Undo the camshaft sprocket retaining nut. Be careful not to let this fall down the timing chest into the sump. It happened to me, and you can leave it in the sump, but it is not recommened. Dont take the sprocket off yet. On the distributor side of the camchain there is a tensioner. You need a torch, it looks like a screw. Should be white, but probably yellowish brown with age/heat. Put a screwdriver into the slot and PUSH DOWN before turning clockwise about half a turn. These babys break really easily, so be careful.
The cam chain should be de-tensioned now. Before you pull the sprocket off, loop some wire through the holes and get ready to tie it back around the radiator cap. Pull the sprocket and chain off as one, being careful not to jump any teeth. Its not the end of the world if you do jump a tooth, thats why the engine is set to TDC #1. Because the cam has a dowel which lines up with the sprocket, you can retime everything. Undo the bolts that hold the rockers in and lift out as a set. NOTE: these are matched, so dont mix them up. (The rockers, not the bolts!)
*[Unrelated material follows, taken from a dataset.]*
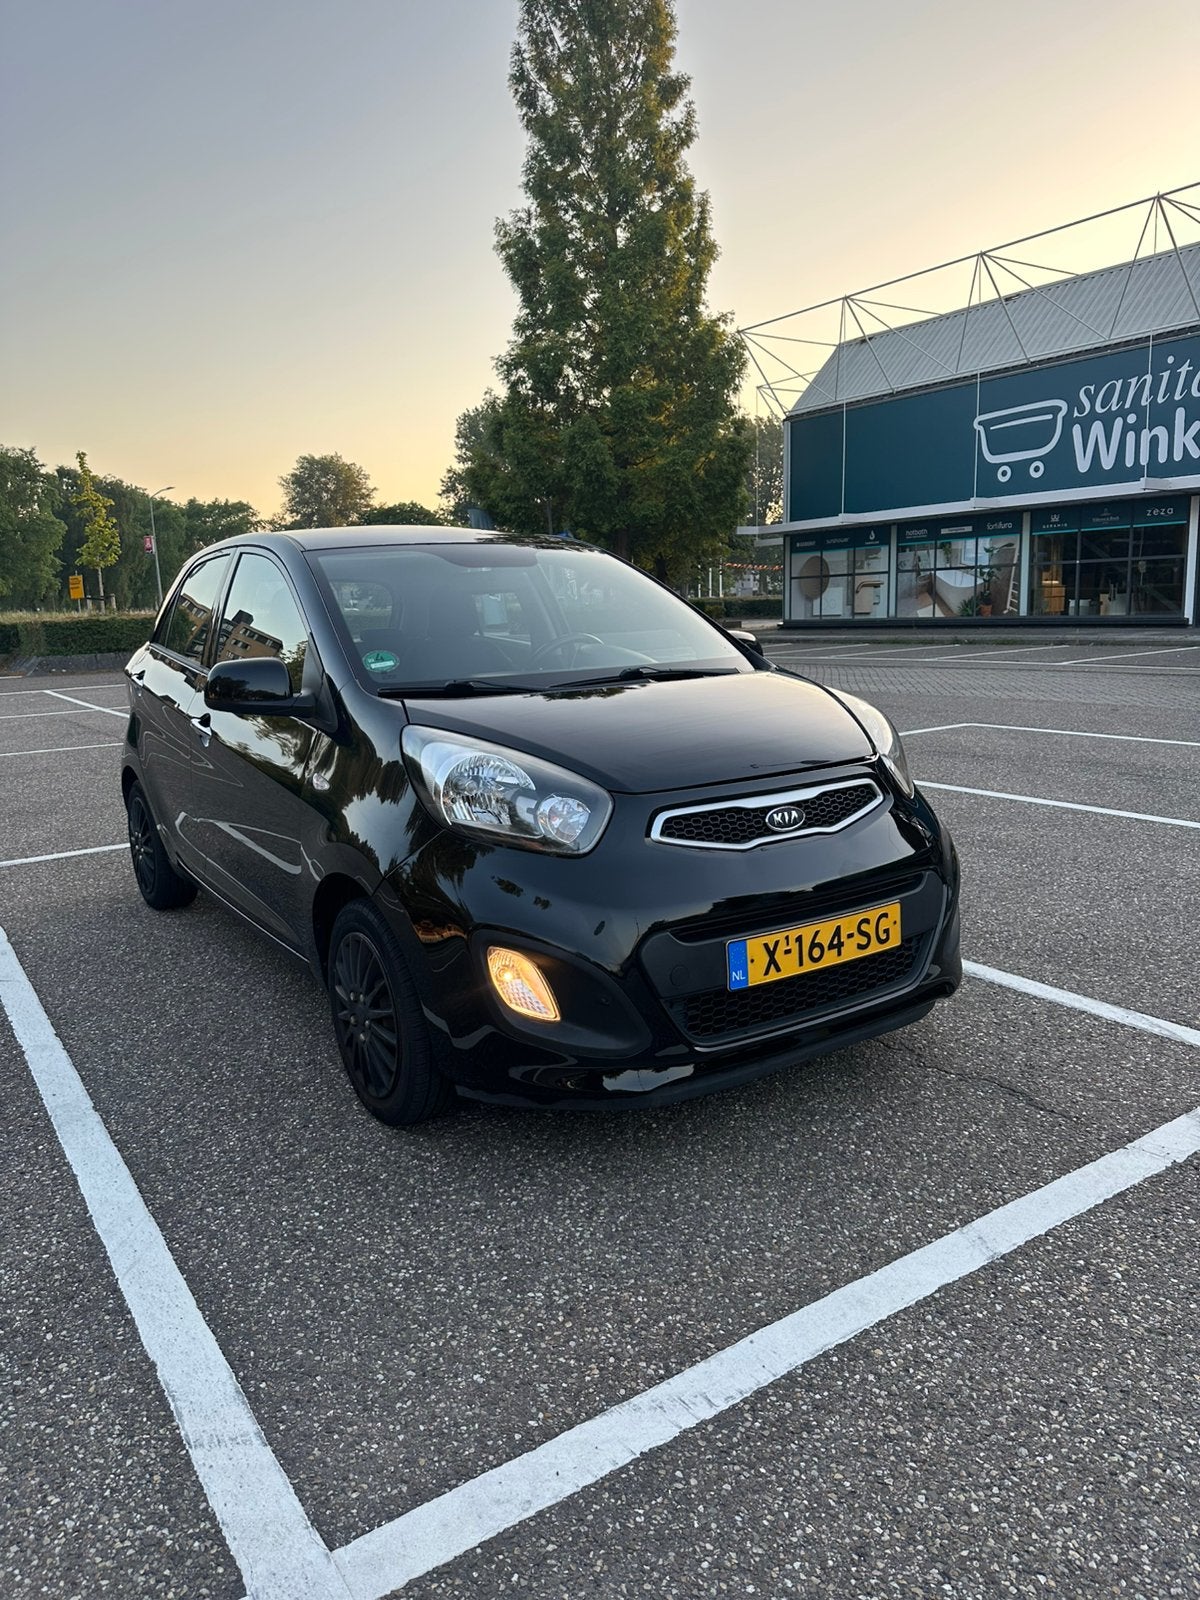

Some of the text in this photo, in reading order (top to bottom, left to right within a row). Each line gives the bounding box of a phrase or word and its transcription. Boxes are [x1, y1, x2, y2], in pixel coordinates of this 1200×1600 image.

[1072, 407, 1200, 473] Wink
[1146, 506, 1174, 517] zeza
[772, 810, 799, 827] KIA
[731, 969, 747, 982] NL
Now the cam will come out with a gentle bump. Put your new cam in, remembering to grease the lobes and journals with a molybendium grease to protect it for the initial startup. Do everthing in reverse to complete. *NOTE*!!: You must reset the valve clearances as the new cam will have different lift values. If you don't do this the engine probably wont start, but if it does, you will burn your valves! Set them when the engine is completely cold. Inlet: 0.15", Exhaust: 0.25"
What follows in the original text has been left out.